ПЛя.на gentoo.ru - одни олени  :Crying or Very sad: 

----------

## viy

Есть только 3 варианта:

сам hdparm (новая версия или новый gentoo-релиз);

glibc

ядро.

Я понял, что все тесты проводились на одном железе, так?..

----------

## KosmiK

Да. Тачка одна.

счас пересобрал через старый стейдж и новые порты glibc - вроде нет потерь.

Потом попробую проверить с 4 gcc/

Ядро - врядли. Мне интуицЫя (способность мозга жопой чуять) подсказывает, что засада в stage-2006.1

----------

## KosmiK

гагагагагг...

ахринеть

ВИноват таки HDPARM

а именно версия 6.9

даун на 6.3 все исправил

----------

## 046

Может тебе свою версию hdparm написать, которая будет ещё большие цифры выдавать? ))

Ты не думал что новая версия считает "правильнее" ?

----------

## KosmiK

Проблема в том, что я также тестил под off'topic'ом. И тестил в в десятках предыдущих сборках. И неужто ты думаешь, что фдруК, так реззко гига улетела.  :Question:   :Evil or Very Mad: 

 *Quote:*   

> Ты не думал что новая версия считает "правильнее" 

 . Нет, не думал. Врач запретил.  :Exclamation:   Моск перегреваетццо.  :Twisted Evil: 

----------

## KosmiK

Хм. А реально ли заделать тут собств. хомяка  :Question: 

Я бы туда постил варианты решений по сборке свежих систем с ~x86 и запредельно агрессивными флагами?   :Twisted Evil:   :Twisted Evil: 

----------

## viy

 *KosmiK wrote:*   

> Хм. А реально ли заделать тут собств. хомяка  

 

Мы тут на русском говорим.

----------

## KosmiK

Хомяк - aka homepage

Воопщем, я скоро к кардиологу пойду. Меня гента доканает   :Shocked:   :Crying or Very sad:   :Evil or Very Mad:   .

Счас произвел норм. (х86) сборку с make.profile->2006.1/desktop. И taki шо вы думаите  :Question:   . Х**.

 Gnome-2.16 не работает. Все не гном - работает.
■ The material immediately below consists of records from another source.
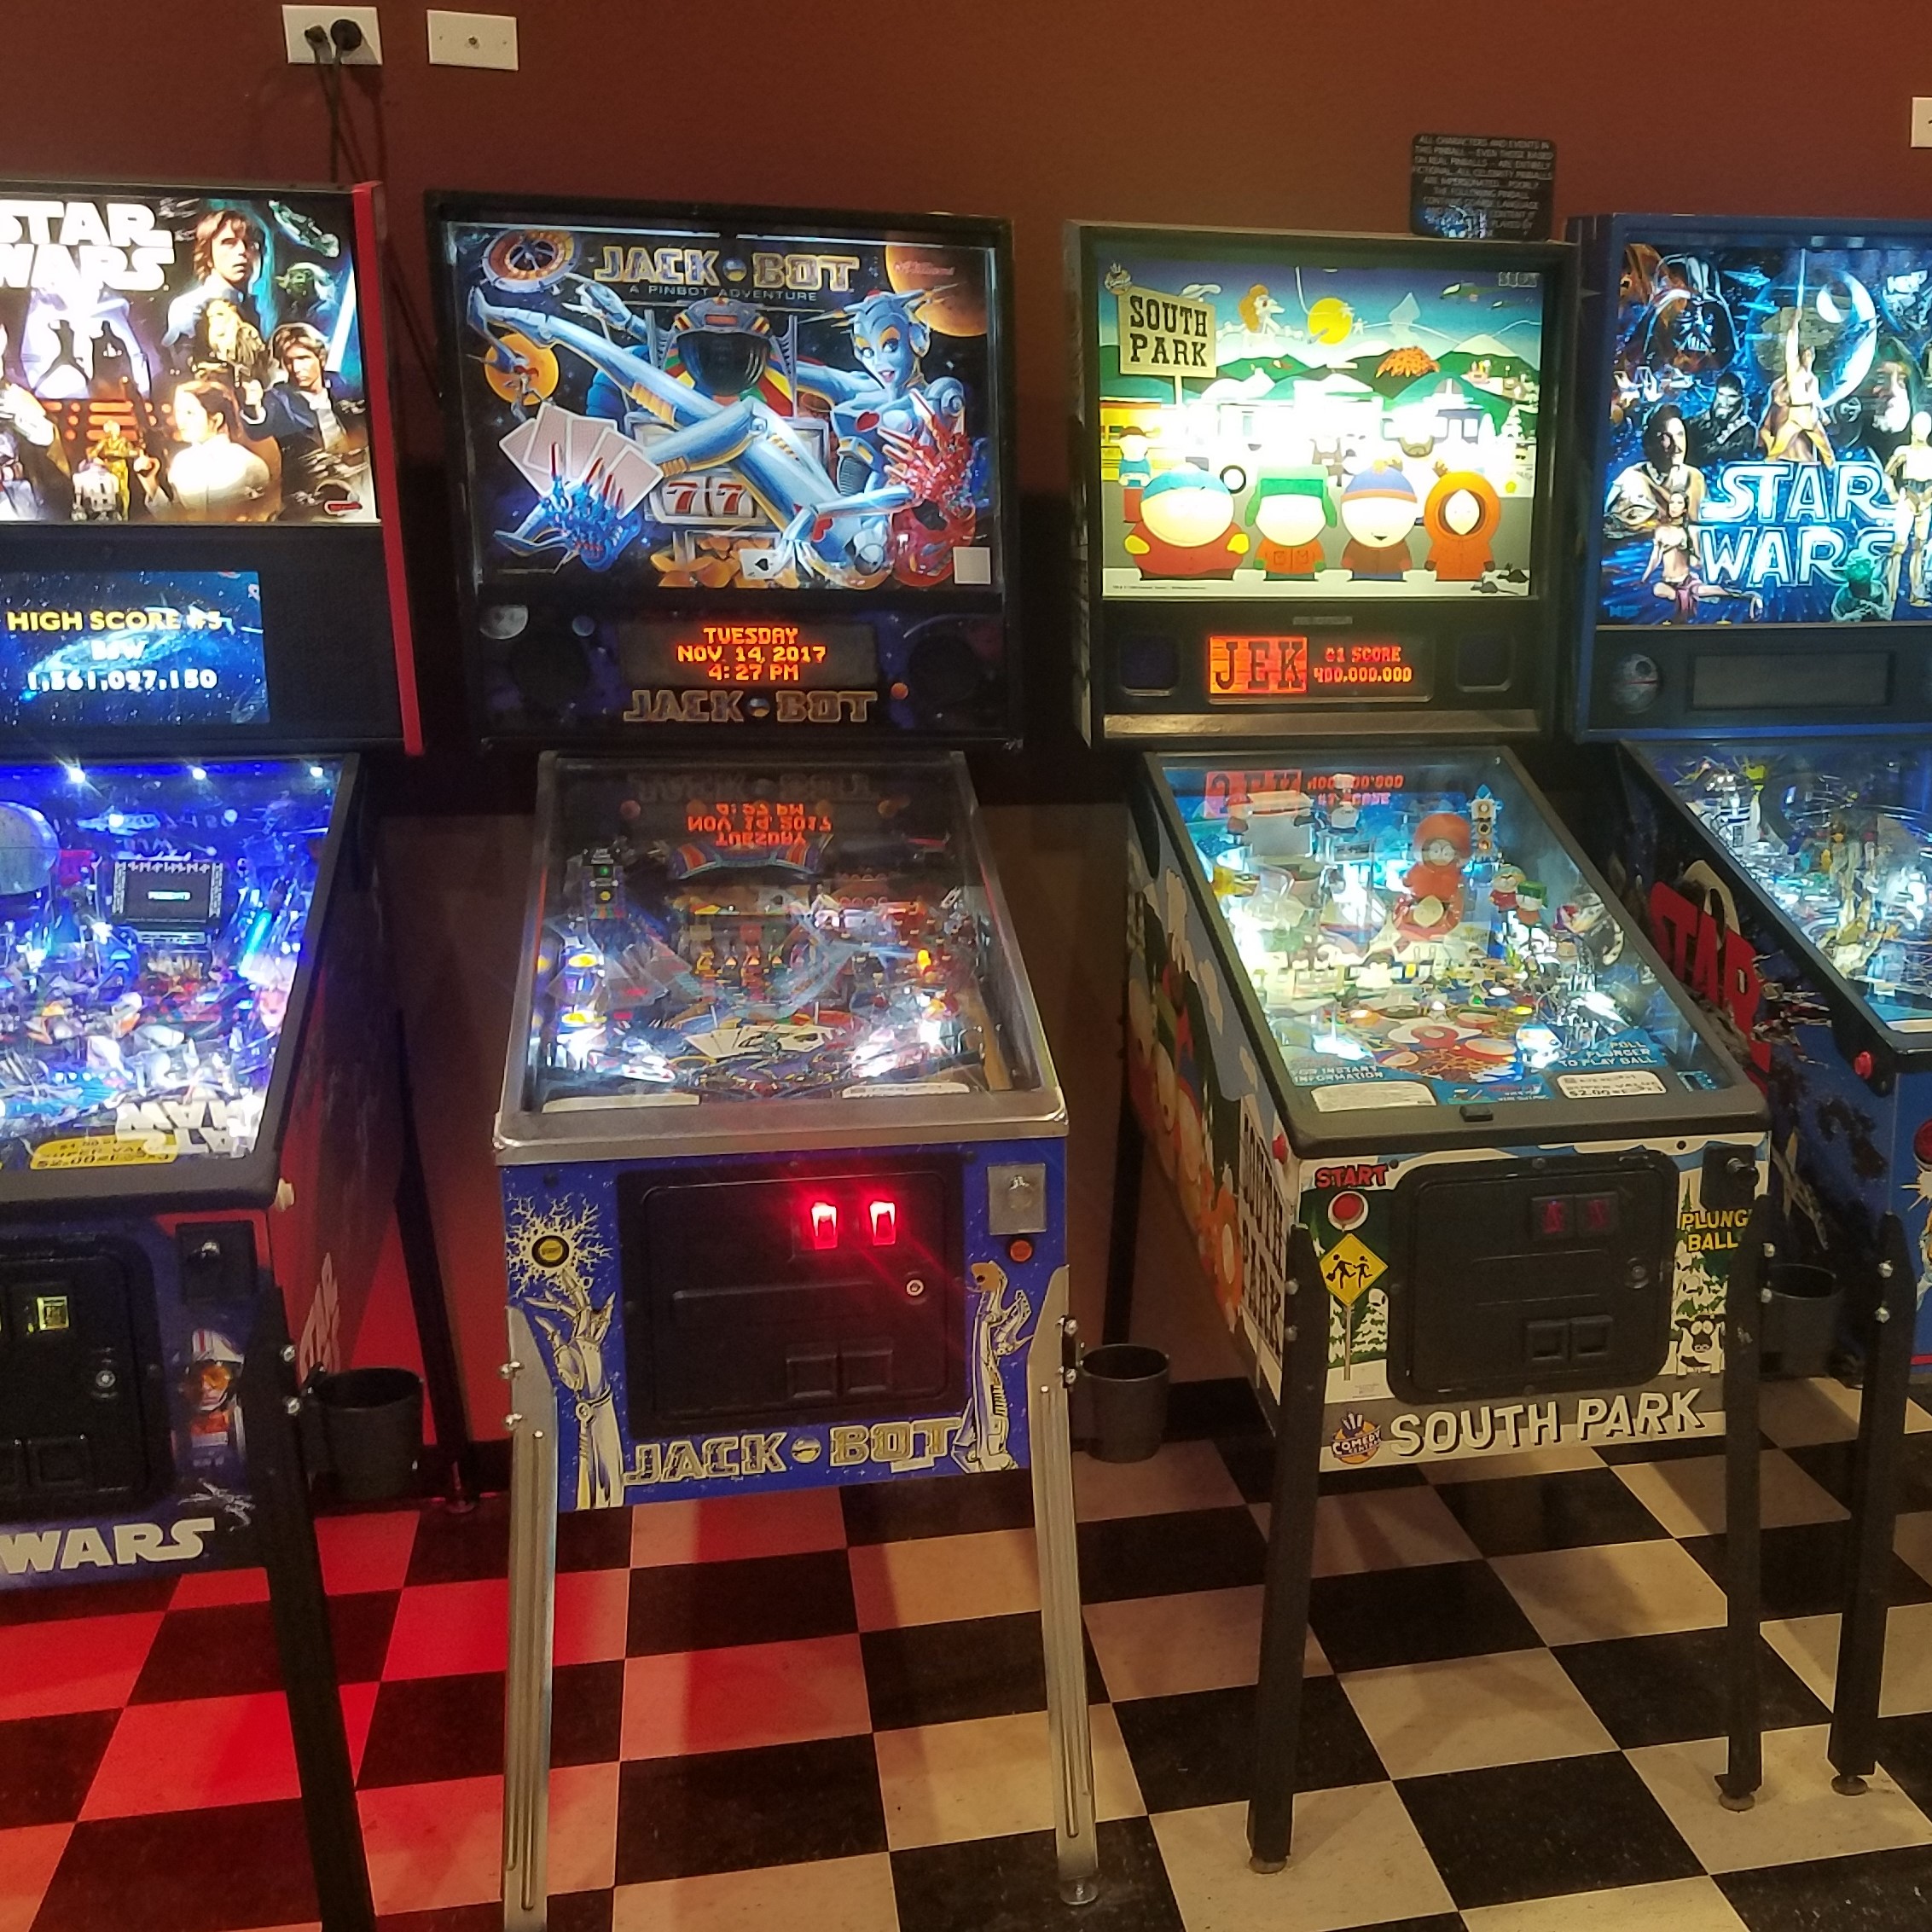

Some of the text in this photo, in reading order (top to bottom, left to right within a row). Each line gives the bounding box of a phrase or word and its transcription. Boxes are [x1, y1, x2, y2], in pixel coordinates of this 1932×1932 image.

[594, 247, 860, 292] JACK BOT
[648, 286, 708, 297] PINBOT
[719, 287, 816, 301] ADVENTURE
[1130, 295, 1207, 337] SOUTH
[1130, 334, 1207, 366] PARK
[1697, 461, 1899, 523] STAR
[8, 612, 83, 630] HIGH
[90, 611, 181, 629] SCORE
[704, 628, 798, 644] TUESDAY
[773, 646, 826, 663] 2017
[1215, 641, 1303, 690] JEK
[1351, 647, 1401, 663] SCORE
[708, 664, 799, 680] 4:27 PM
[624, 689, 878, 722] JACK BOT
[1293, 1071, 1384, 1082] INFORMATION
[1315, 1163, 1389, 1188] START
[1688, 1231, 1738, 1251] BALL
[1390, 1388, 1708, 1458] SOUTH PARK
[623, 1416, 962, 1486] JACK BOT
[1332, 1430, 1381, 1454] COMEDY
[0, 1517, 215, 1575] WARS
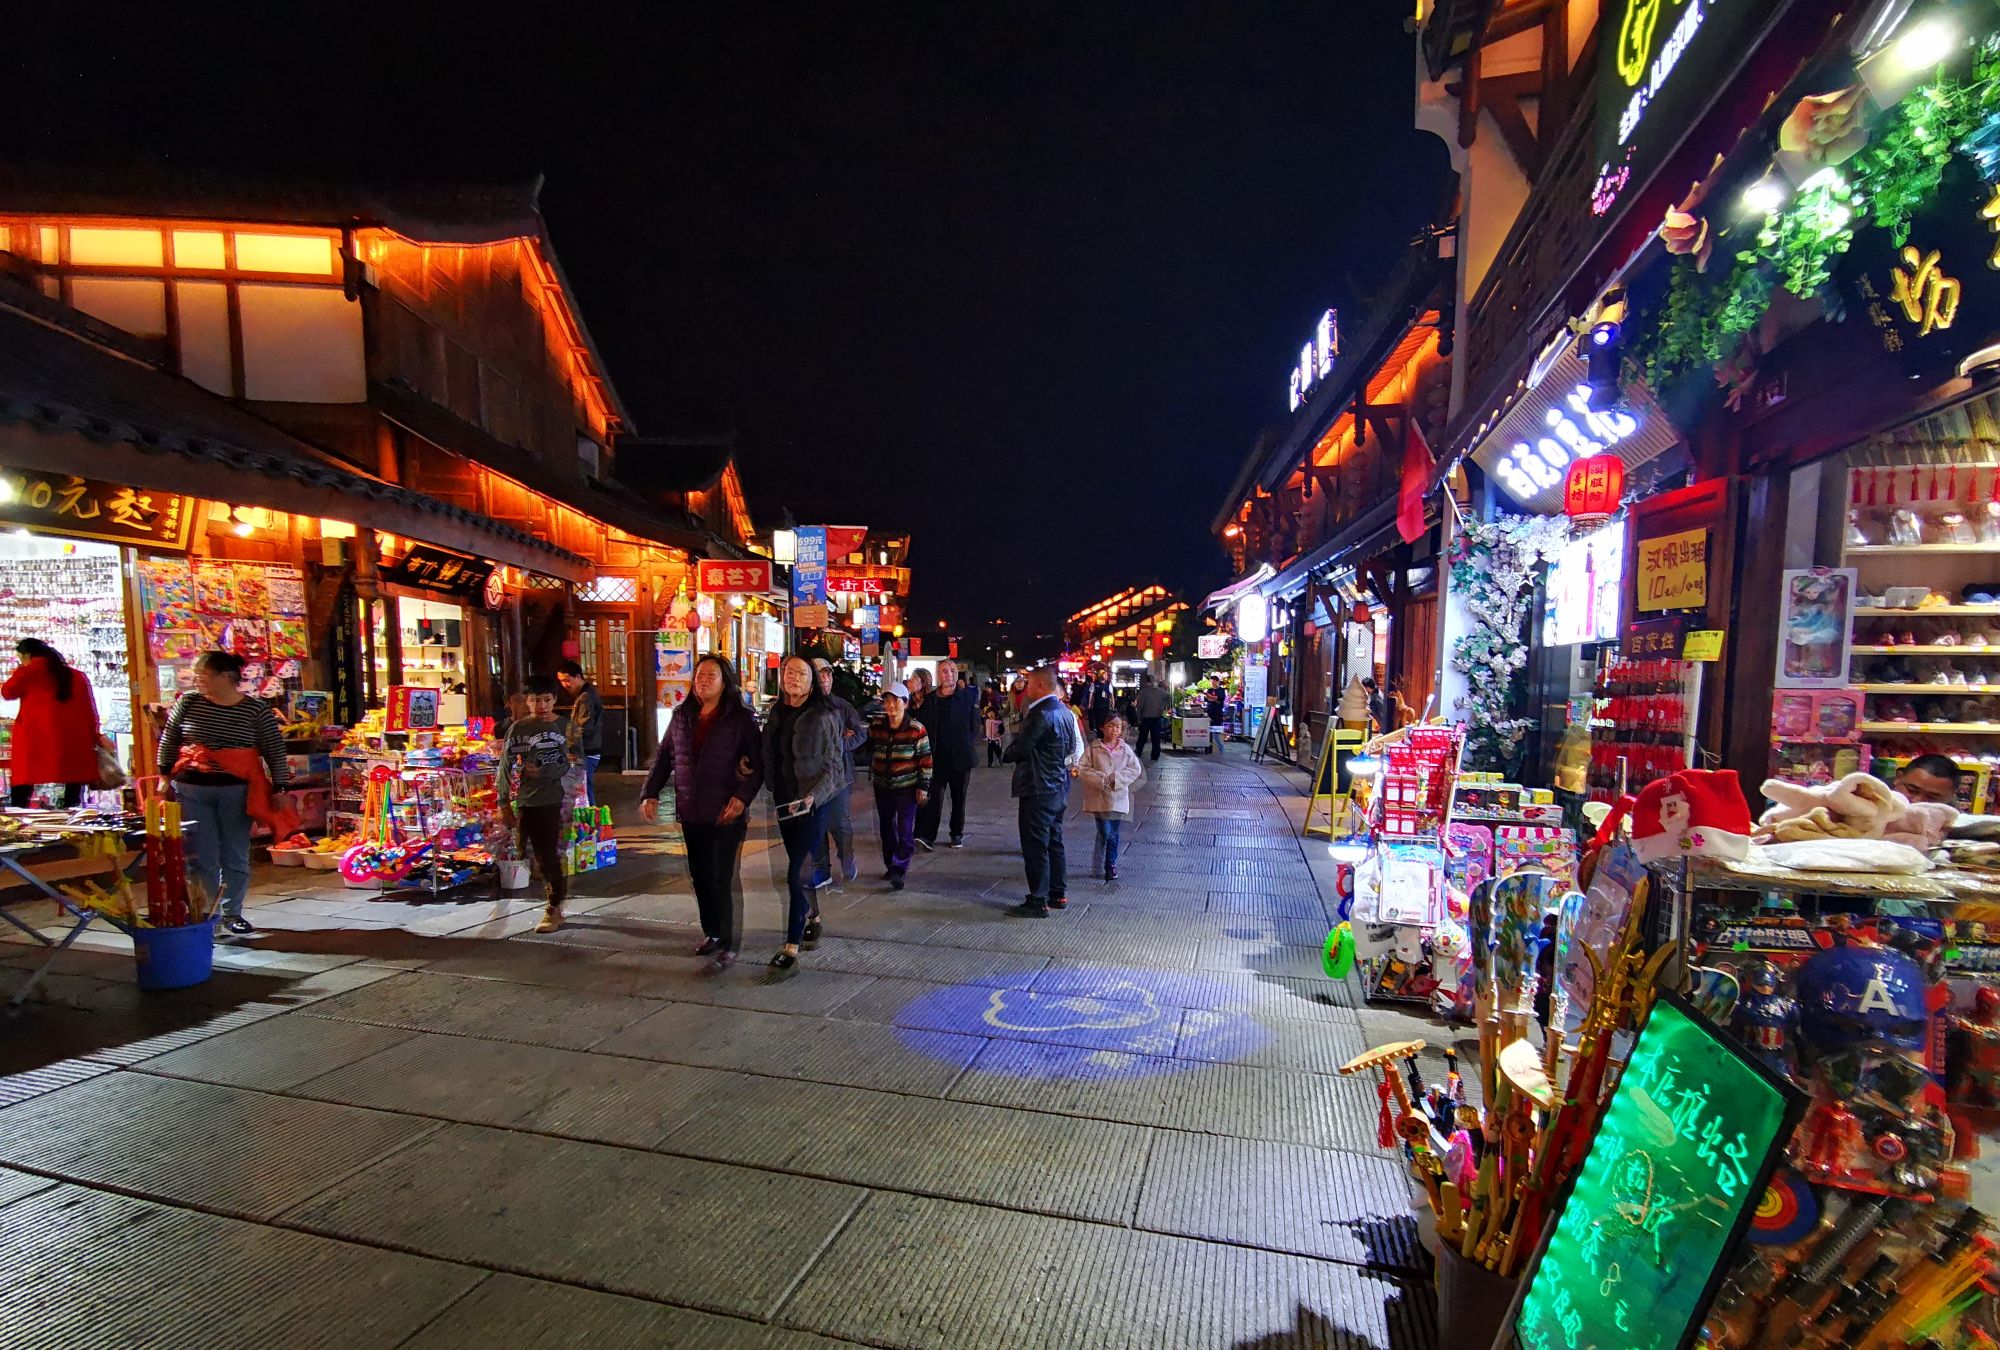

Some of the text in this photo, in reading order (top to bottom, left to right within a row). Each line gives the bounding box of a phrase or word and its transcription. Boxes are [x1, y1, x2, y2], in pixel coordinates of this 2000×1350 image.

X-ы поднимаются, xterm работает, а вот gtk-demo - segfault.

Я вот думаю, что виноват CHOST-i686......

Кто с такой засадой сталкивалсо??

Счас попятаюсь собрать на i486. Если и это не выдет - значит не зря в stage1 по умолчанию профайл->no-nptl   :Mad:   :Evil or Very Mad:   :Twisted Evil: 

Кстати, вопрос. А дает ли реально прирост общем производительности CHOST=i686 ??

Реально ли поставить в CHOST=pentium4 %-))   :Twisted Evil:   :Question: 

----------

## viy

1) читать доки/маны/КАКи --- вопросы хорошо описаны;

2) начинай новую ветку для новой темы --- неработа гнома никак не связана с цифрами, что hdparm показывает;

3) если хочешь, чтобы нормально помогли --- не стоит сокращать инфу до пары символов.

CHOST тут вряд ли виноват.

----------

## Laitr Keiows

 *KosmiK wrote:*   

> Кто с такой засадой сталкивалсо??

 

Покажи CFLAGS. Если там есть что-нибудь типа -O3 то можешь не показывать: убирай лишнее, и все заработае.

----------

## KosmiK

воопщем флаги действительно влияют. кроме того влияет ~x86, походу собирается какая-то дрянь новой версии и поганит все. К засаде также относится nptl и ntplonly.  :Evil or Very Mad:   :Idea: 

Счас мне удалось на x86 и  -pipe -O2 -march=pentium4 собрать норм. рабочий gtk.

Счас дома собирается gnome (на ~x86). Если удасться замутить, то сделаю образ  и на cd-r запишу. А то задолбало.  :Mad: 

Вот кстати ещё что, одна из сборок чисто на x86 с CHOST=i386 ... и cflags=-pipe -O2 -march=i686 -mtune=i686 -mcpu=i686 также выдала SegFault на gtk-demo. Говно воопщем (сорри)   :Evil or Very Mad:  . Толи gcc толи glibс.  :Evil or Very Mad:   Самое жуткое, что почти не рельально выловить причину..

Буду благодарее тем , кто рискнёт собрать свежую сборку с CHOST=i686 и запустить gtk-demo без сегфолта.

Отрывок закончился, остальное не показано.